## PROBLEM
Write out the entries below exactly, but only from the line containing "this 1920×1080 image." through the line containing "this 1280×1707 image.", and without the pictures.

## DATA SHOWN
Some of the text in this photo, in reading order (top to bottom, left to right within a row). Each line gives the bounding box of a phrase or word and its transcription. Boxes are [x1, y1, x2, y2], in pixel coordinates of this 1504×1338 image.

...

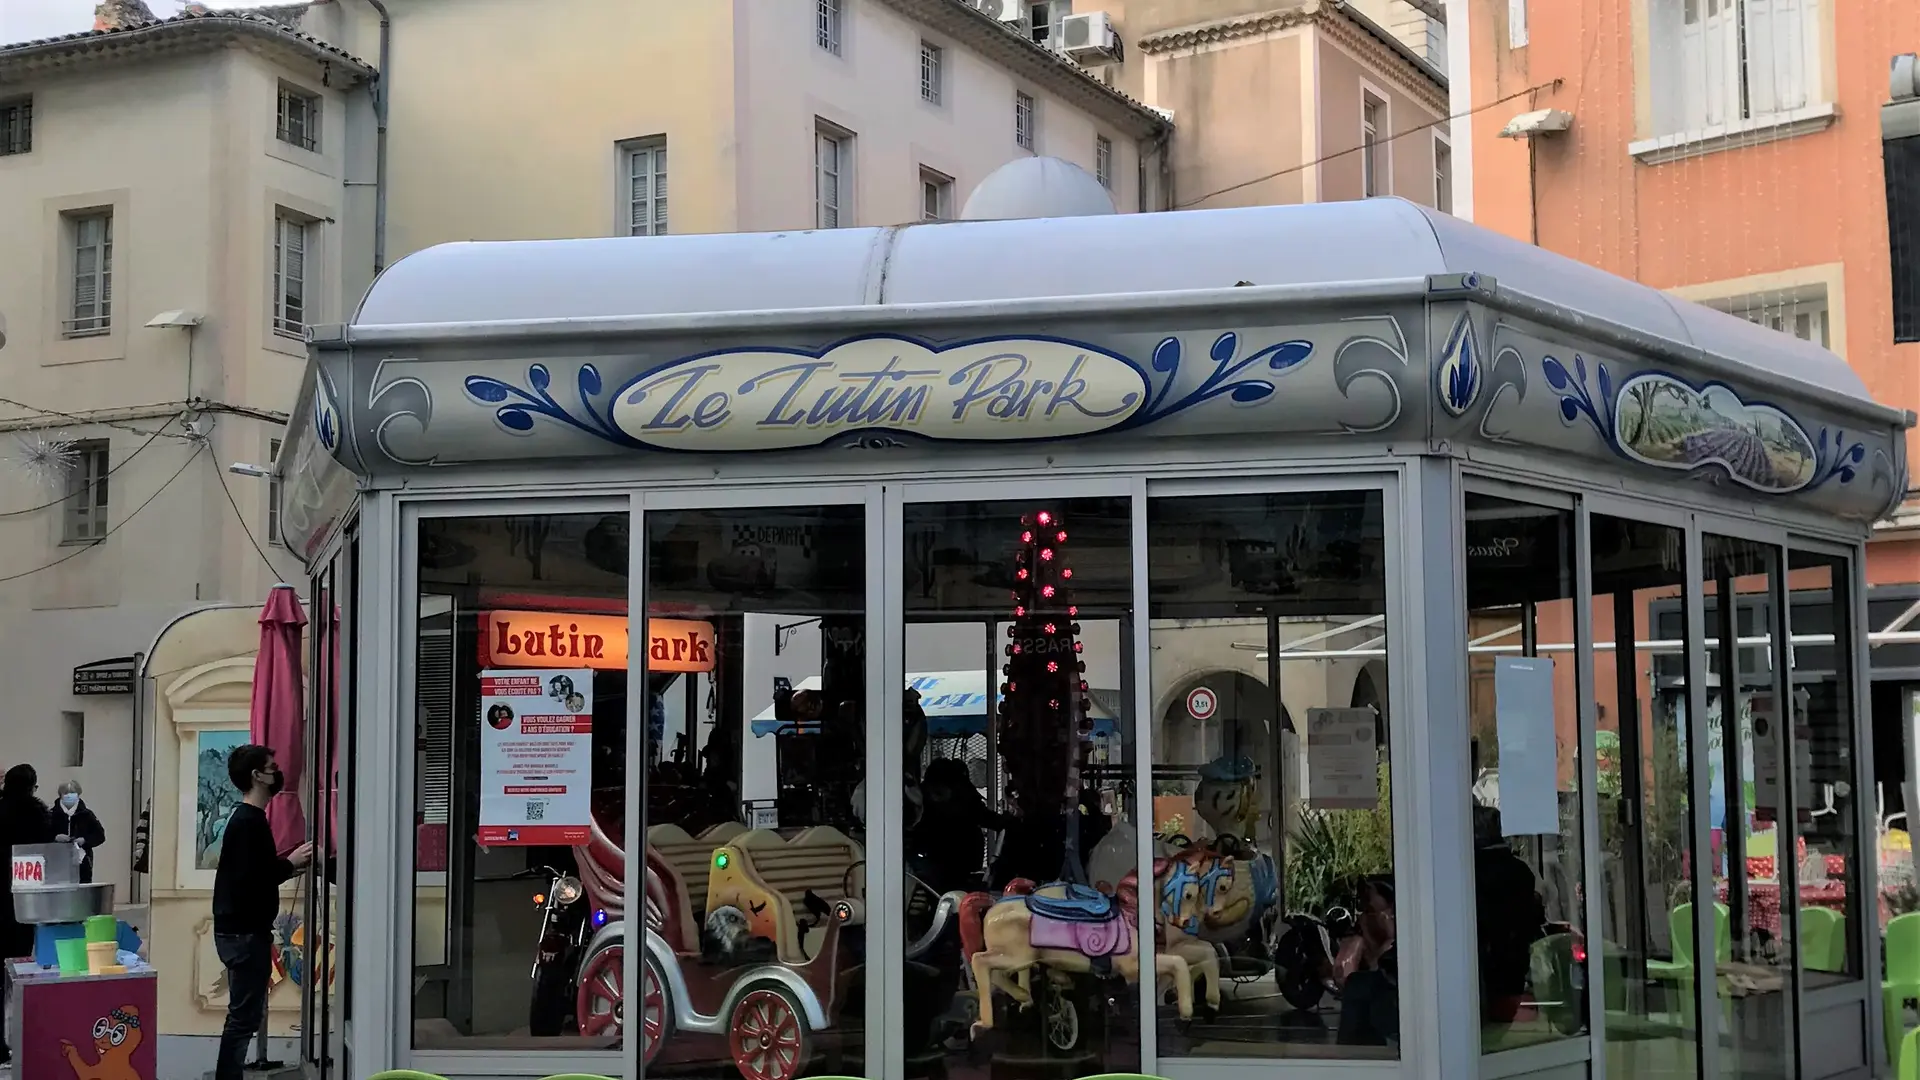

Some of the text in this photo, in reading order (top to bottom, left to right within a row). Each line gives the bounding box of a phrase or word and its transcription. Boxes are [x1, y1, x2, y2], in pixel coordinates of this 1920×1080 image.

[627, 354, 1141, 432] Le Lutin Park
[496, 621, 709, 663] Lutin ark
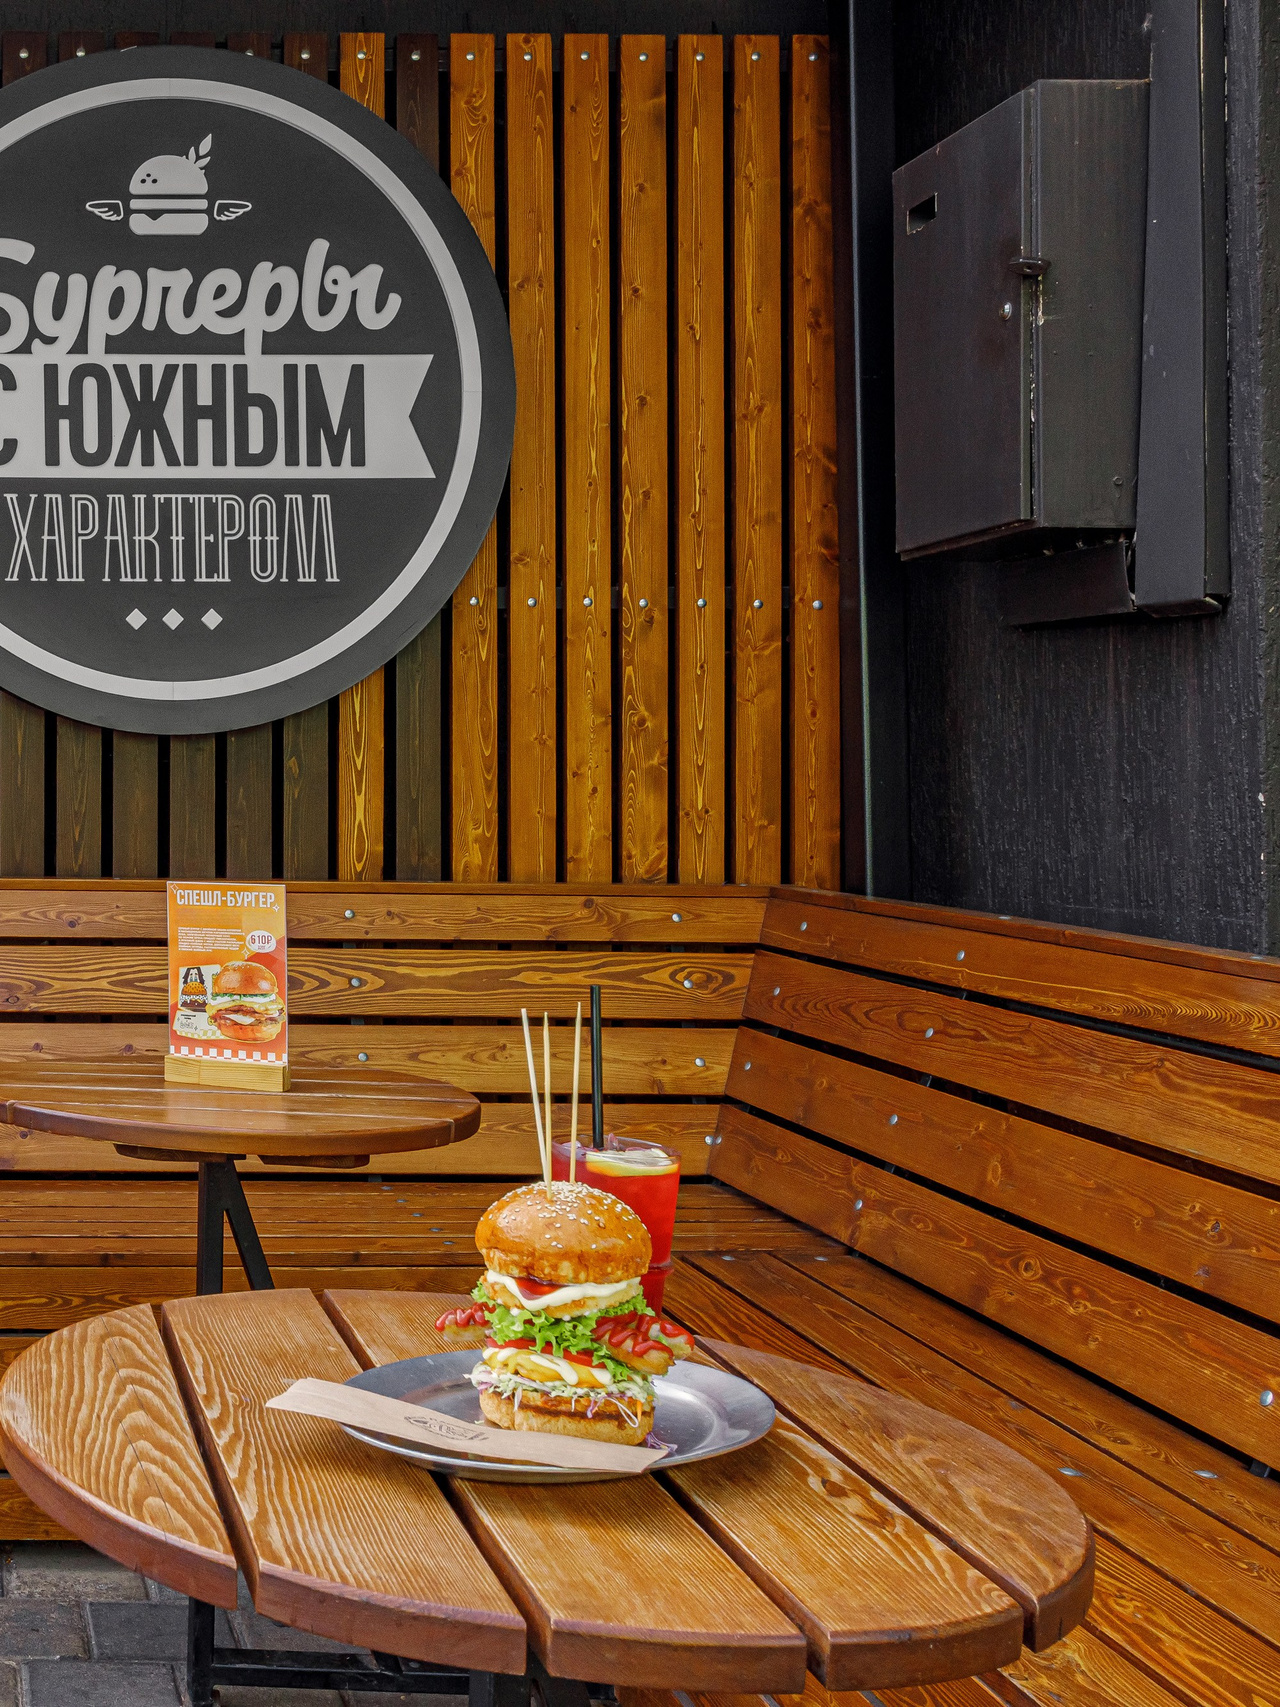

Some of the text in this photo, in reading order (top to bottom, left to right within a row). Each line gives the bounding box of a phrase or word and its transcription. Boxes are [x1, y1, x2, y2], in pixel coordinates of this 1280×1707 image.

---

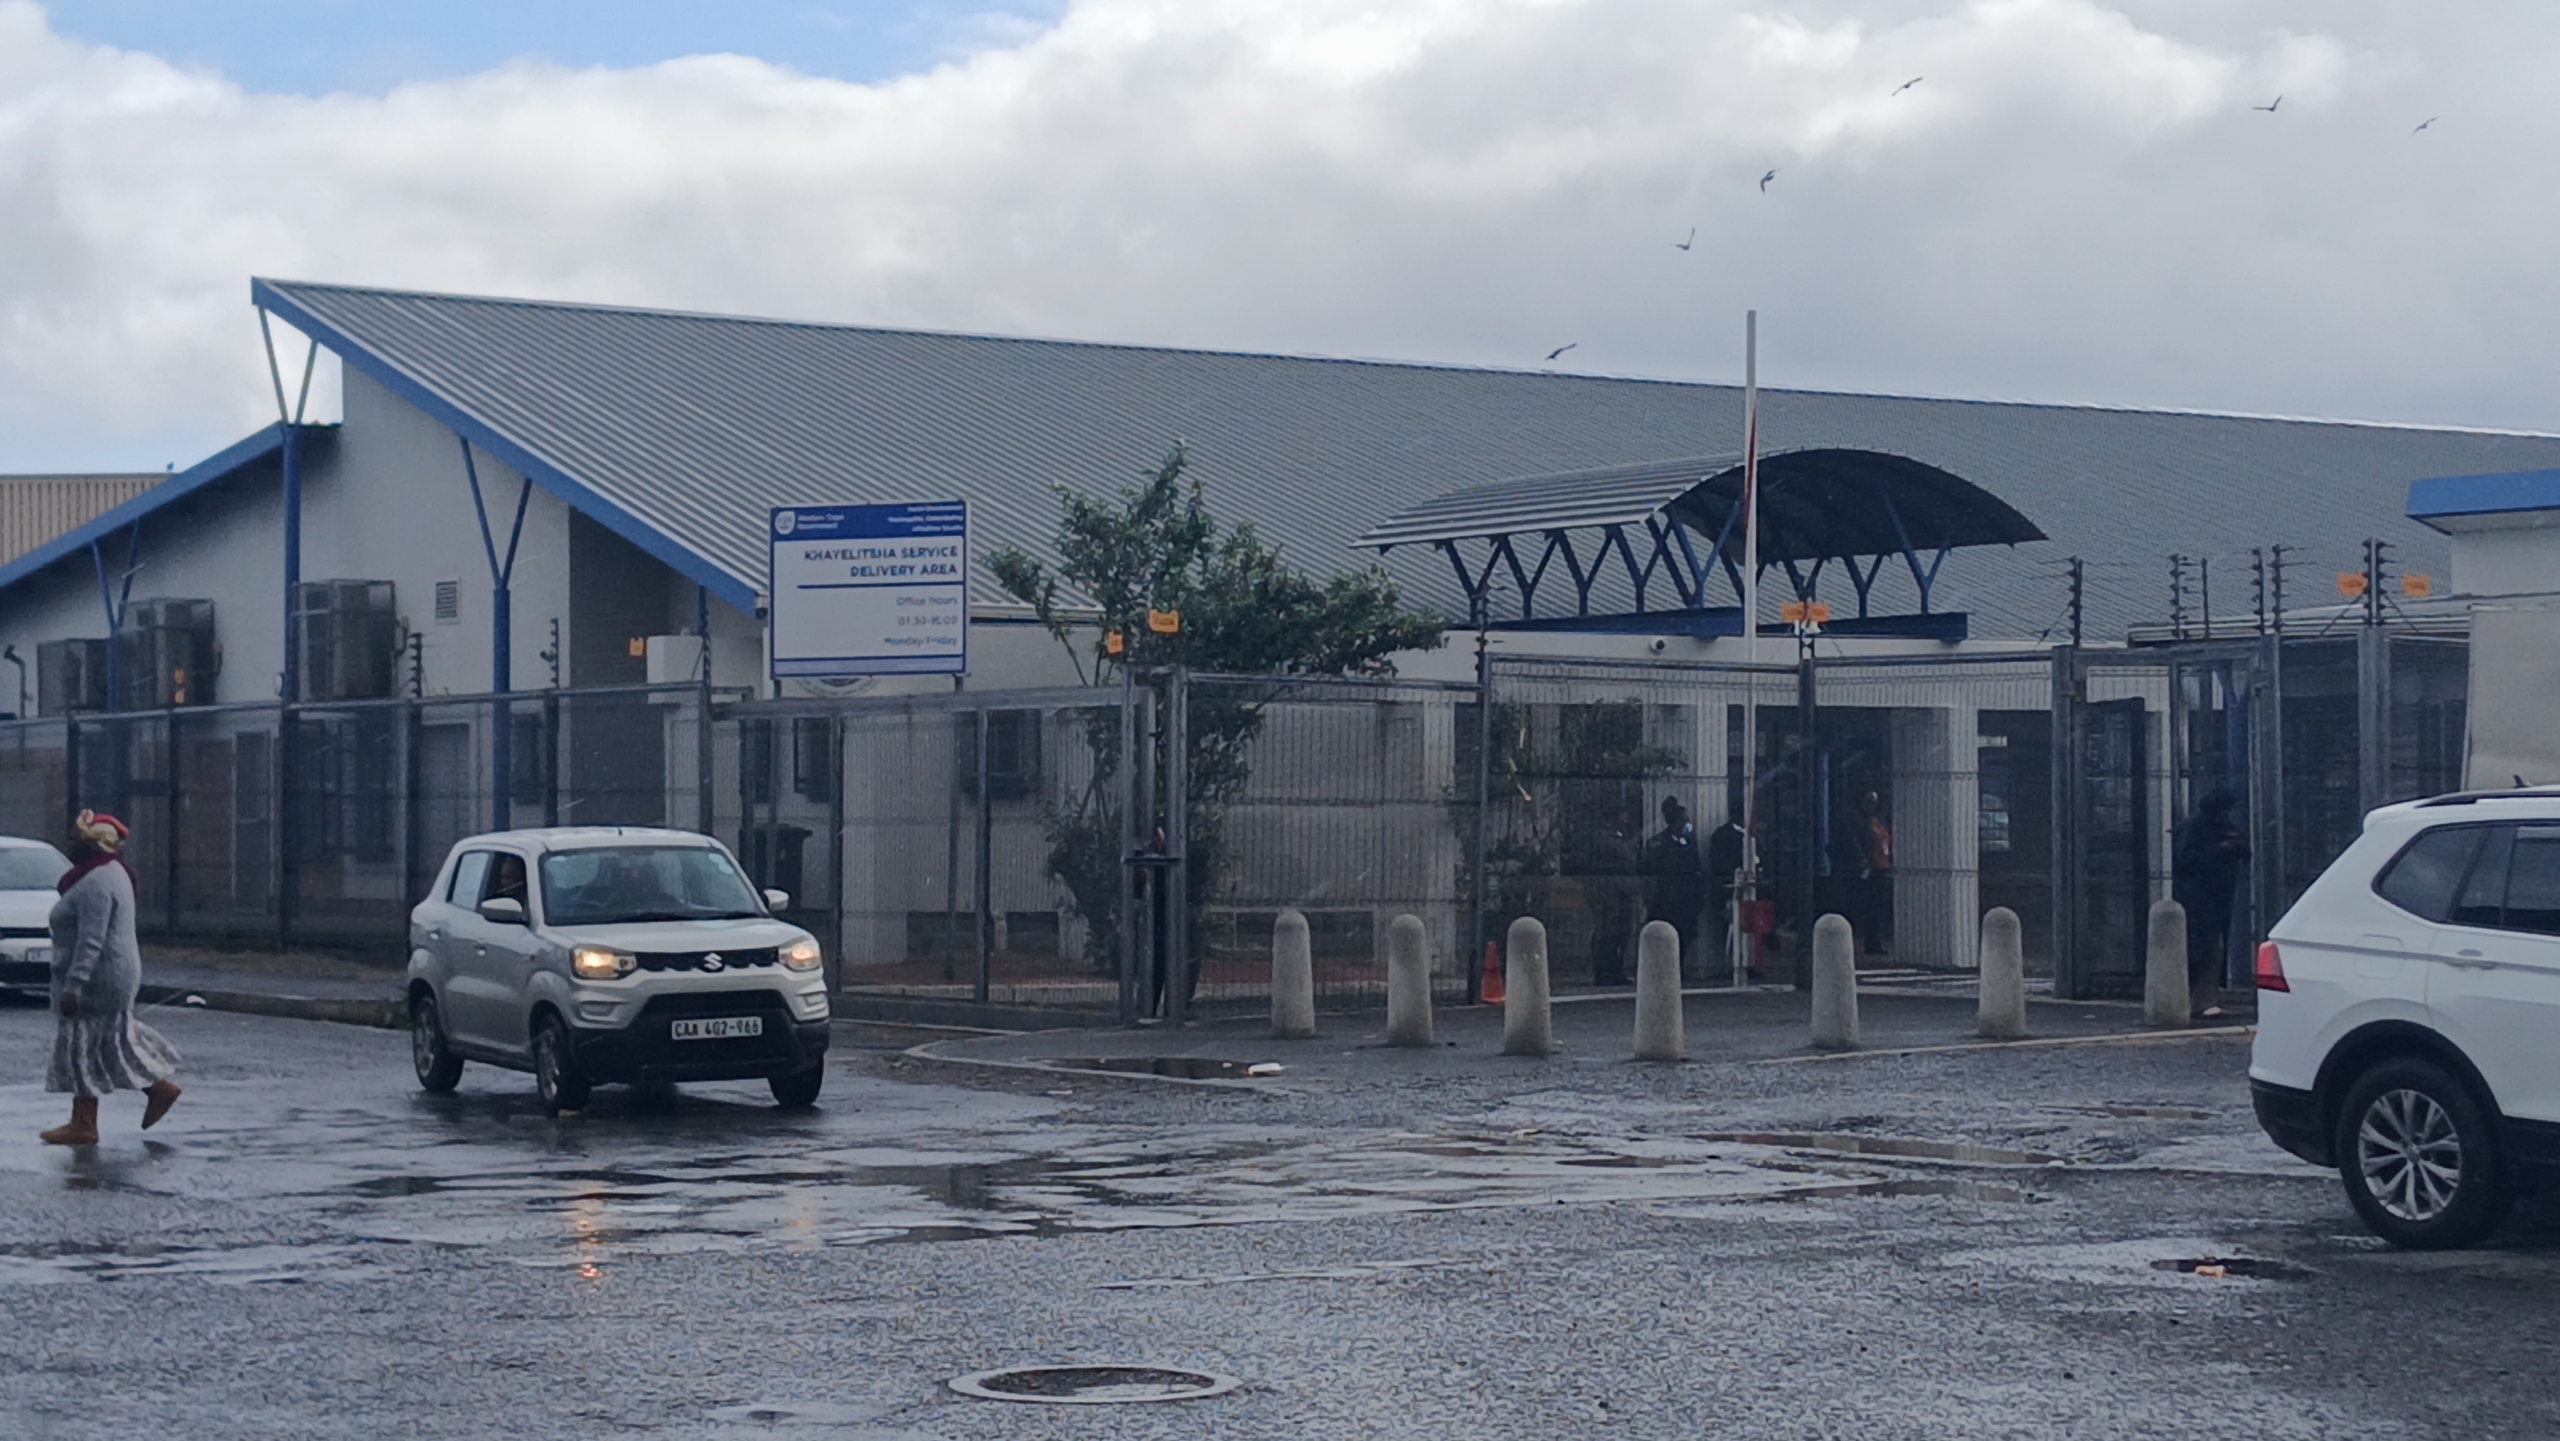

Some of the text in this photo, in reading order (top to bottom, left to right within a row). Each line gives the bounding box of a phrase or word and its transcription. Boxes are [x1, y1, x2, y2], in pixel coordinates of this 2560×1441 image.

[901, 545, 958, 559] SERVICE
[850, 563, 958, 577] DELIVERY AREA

## TASK OUTPUT
Some of the text in this photo, in reading order (top to bottom, left to right within a row). Each line gives the bounding box of a phrase or word and its transcription. Boxes are [x1, y1, x2, y2], in pixel coordinates of this 1920×1080 image.

[627, 354, 1141, 432] Le Lutin Park
[496, 621, 709, 663] Lutin ark

Some of the text in this photo, in reading order (top to bottom, left to right within a row). Each line gives the bounding box of a phrase or word and its transcription. Boxes are [x1, y1, x2, y2], in pixel coordinates of this 1280×1707 image.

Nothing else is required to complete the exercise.